F/A–18E/F aircraft: $1.2 billion for the procurement of 14 F/A–18E/F Super Hornet
aircraft, none of which was not requested by the Pentagon

UH–60 Blackhawk helicopters: Nearly $1.2 billion for the procurement of 72 UH–60 Blackhawk helicopters, an increase of $440 million and 36 helicopters above the
President’s request.

Apache helicopters: $374 million for the procurement of 10 AH–64 Apache helicopters, none of which were requested by the Pentagon.
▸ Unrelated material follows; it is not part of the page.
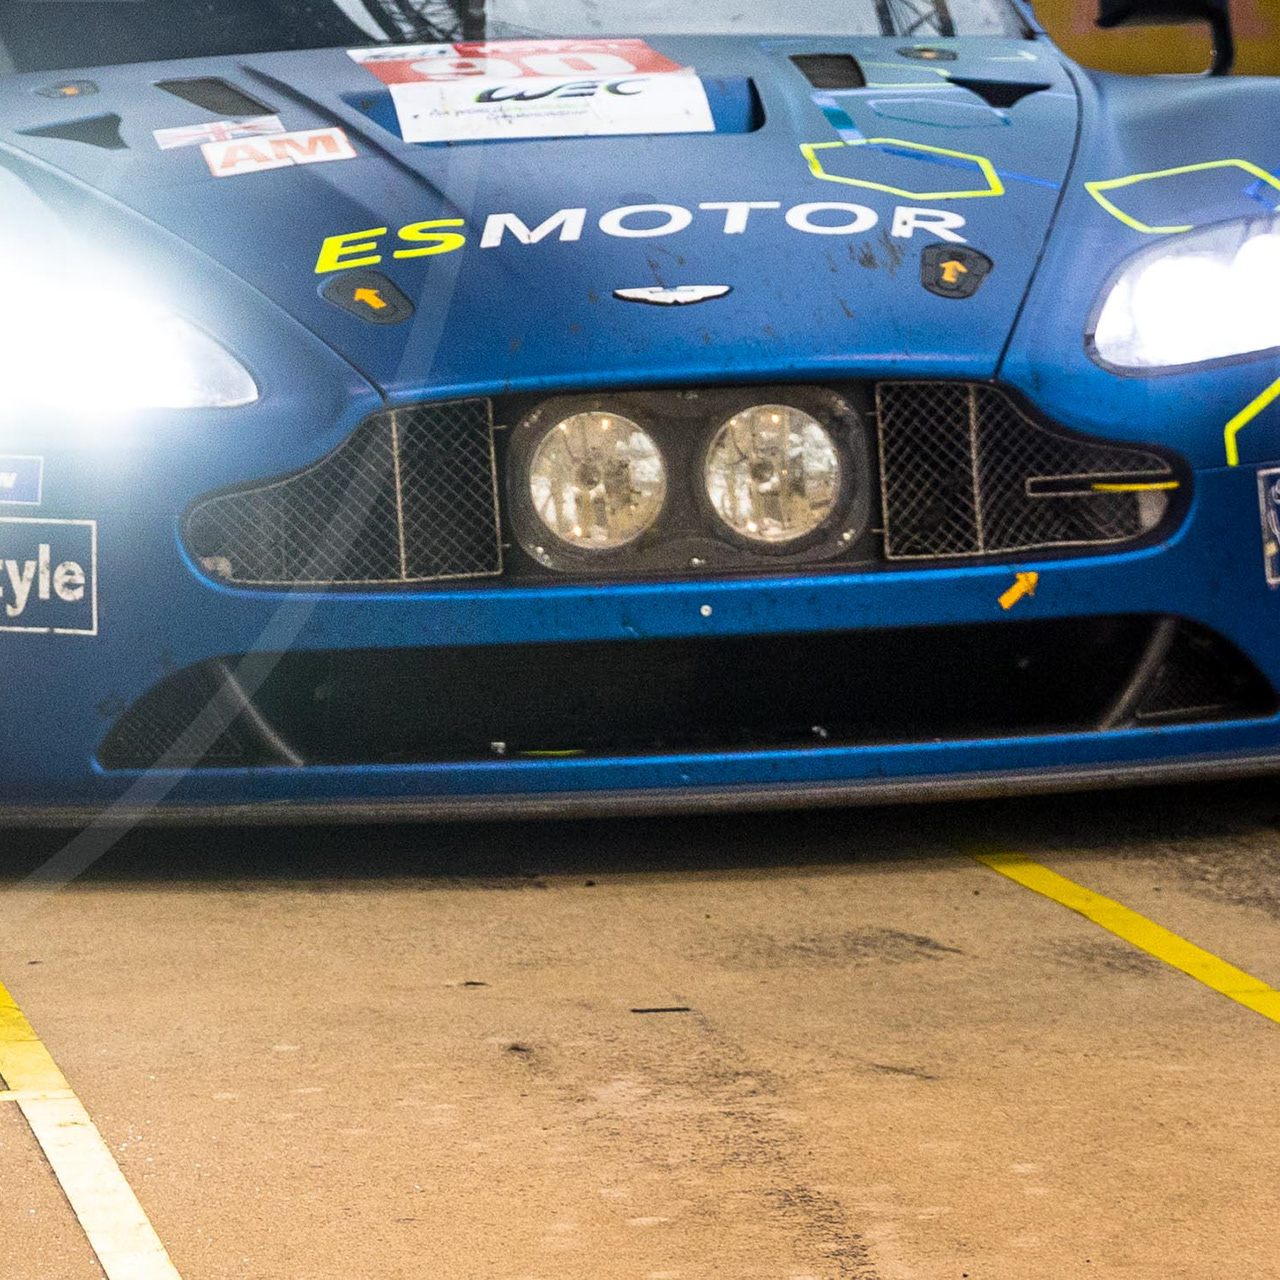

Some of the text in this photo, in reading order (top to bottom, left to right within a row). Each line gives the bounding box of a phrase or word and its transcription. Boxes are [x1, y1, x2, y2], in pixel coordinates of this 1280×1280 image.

[408, 52, 639, 81] 90
[474, 77, 650, 104] WEC
[217, 130, 346, 169] AM
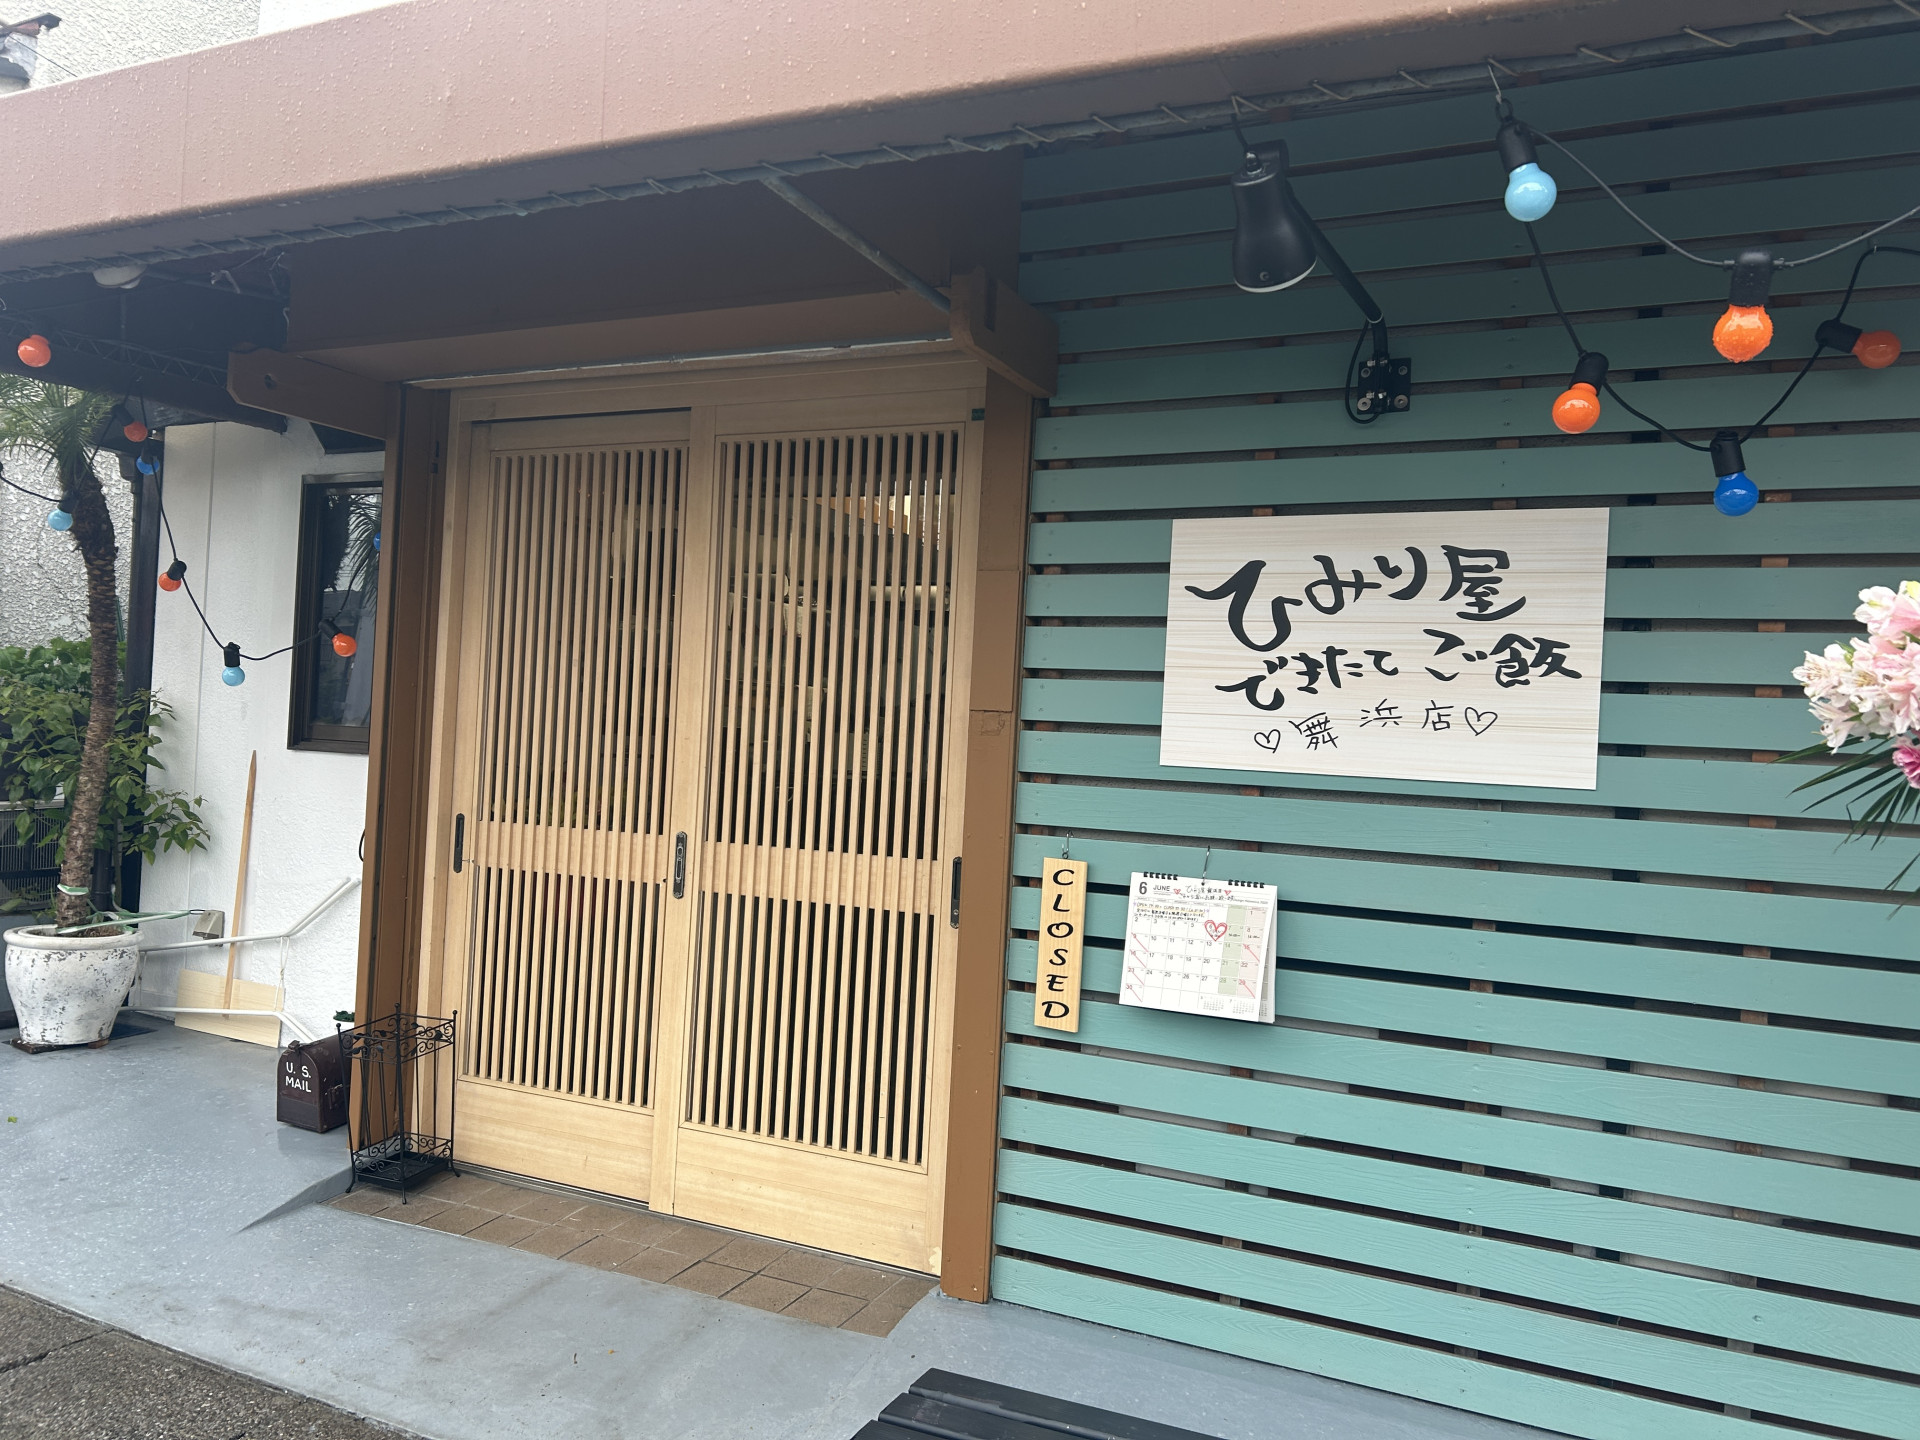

Ships: (From committee report) $21.6 billion for the procurement of 15 Navy ships, including:
• Two DDG–51 guided missile destroyers
• Two fully funded SSN–774 attack submarines
• Three Littoral Combat Ships (two requested)
• And one moored training ship, one LHA replacement, one amphibious ship replacement, and five ship to shore connectors, a total increase of $3,215,950,000 and five ships above the President’s request;

Budget gimmicks: Claims “saved” money from the Pentagon request by estimating $1.5 billion from lower–than-expected fuel costs and $573 million due to favorable economic conditions.

Cooperative Threat Reduction: $325.6 million for non-proliferation activities in the former Soviet republics, compared to $358.5 million last year.

Reductions of strategic delivery systems: Section 8105 prohibits the use of funds to reduce or prepare to reduce the number of deployed and non-deployed strategic delivery vehicles and launchers.

A-10 aircraft: Section 8113 prohibits the use of funds to retire the A–10 aircraft.

Closing bases: Section 8121 prohibits the use of funds for Base Realignment and
Closure.

Guantanamo Bay prison: Section 8130 prohibits the use of funds to close facilities at Naval Station Guantanamo Bay.

Assistance to Ukraine: Provides $150 million for assistance for Ukrainian national security forces. Directs the purchase of items such as training, equipment, lethal weapons of a defensive nature, and logistics support.

Afghanistan Security Forces Fund: provides $3.4 billion for this fund.